What you are asked to do: Restate all entries word for word, minus pictures.
=== Given data ===
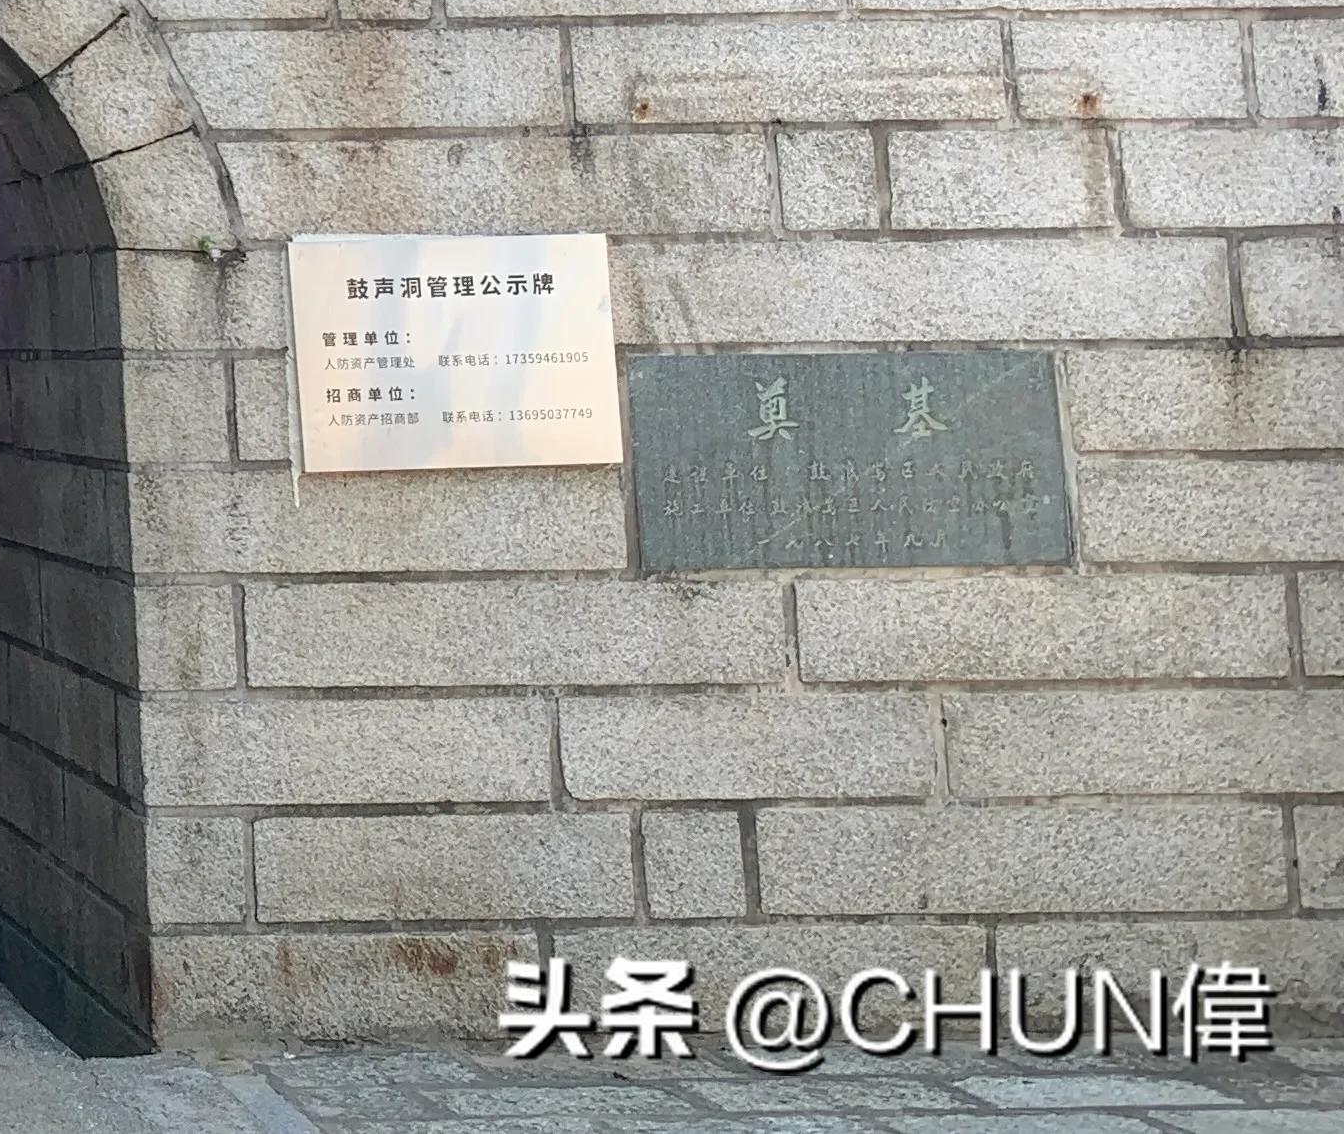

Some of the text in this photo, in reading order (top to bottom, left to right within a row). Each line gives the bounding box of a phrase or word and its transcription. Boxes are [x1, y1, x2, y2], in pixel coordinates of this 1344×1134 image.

[346, 273, 555, 300] 鼓声洞管理公示牌
[324, 355, 416, 370] 人防资产管理处
[328, 412, 420, 427] 人防资产招商部
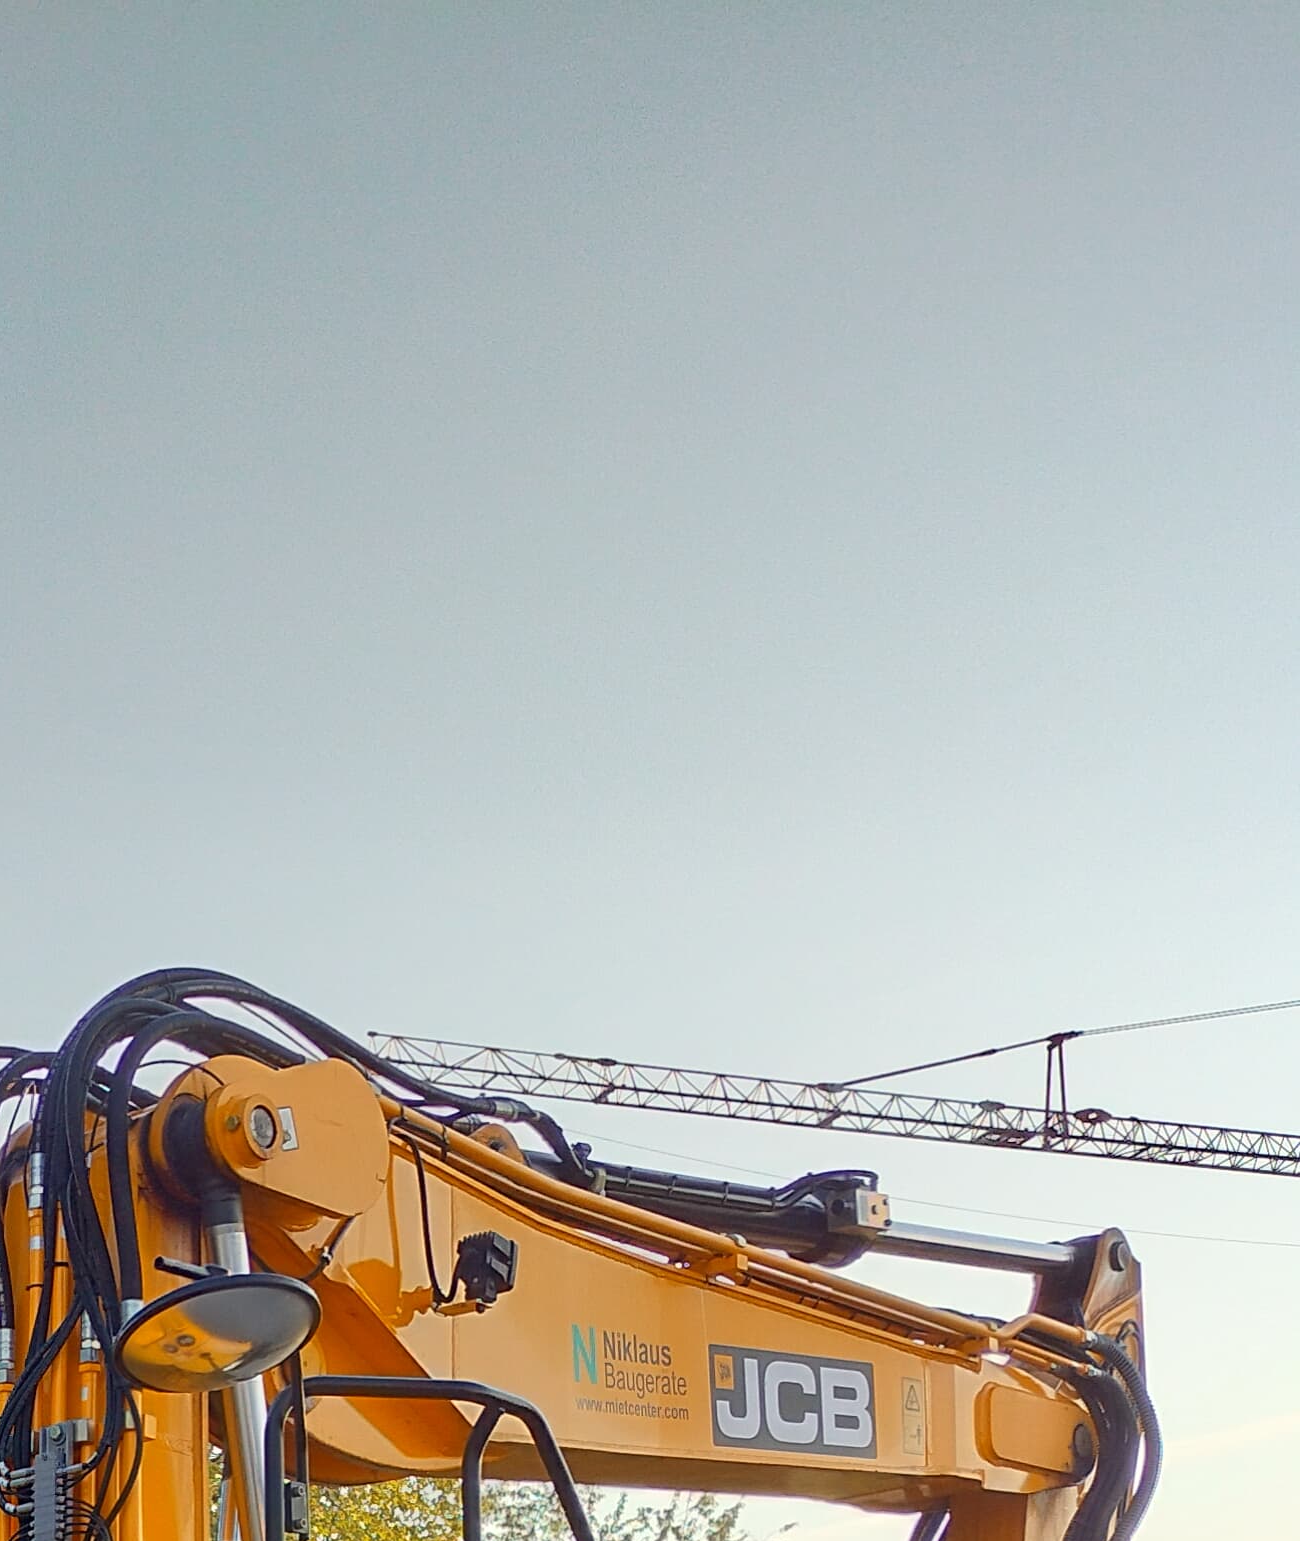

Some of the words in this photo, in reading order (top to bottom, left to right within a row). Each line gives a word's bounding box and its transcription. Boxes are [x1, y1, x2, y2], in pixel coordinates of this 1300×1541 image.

[571, 1323, 598, 1385] N
[603, 1330, 672, 1367] Niklaus
[574, 1397, 690, 1420] www.mietcenter.com
[714, 1357, 873, 1449] JCB
===
Exercise output:
Some of the text in this photo, in reading order (top to bottom, left to right within a row). Each line gives the bounding box of a phrase or word and its transcription. Boxes are [x1, y1, x2, y2], in pixel coordinates of this 1344×1134 image.

[346, 273, 555, 300] 鼓声洞管理公示牌
[324, 355, 416, 370] 人防资产管理处
[328, 412, 420, 427] 人防资产招商部

Some of the words in this photo, in reading order (top to bottom, left to right within a row). Each line gives a word's bounding box and its transcription. Boxes are [x1, y1, x2, y2], in pixel coordinates of this 1300×1541 image.

[571, 1323, 598, 1385] N
[603, 1330, 672, 1367] Niklaus
[574, 1397, 690, 1420] www.mietcenter.com
[714, 1357, 873, 1449] JCB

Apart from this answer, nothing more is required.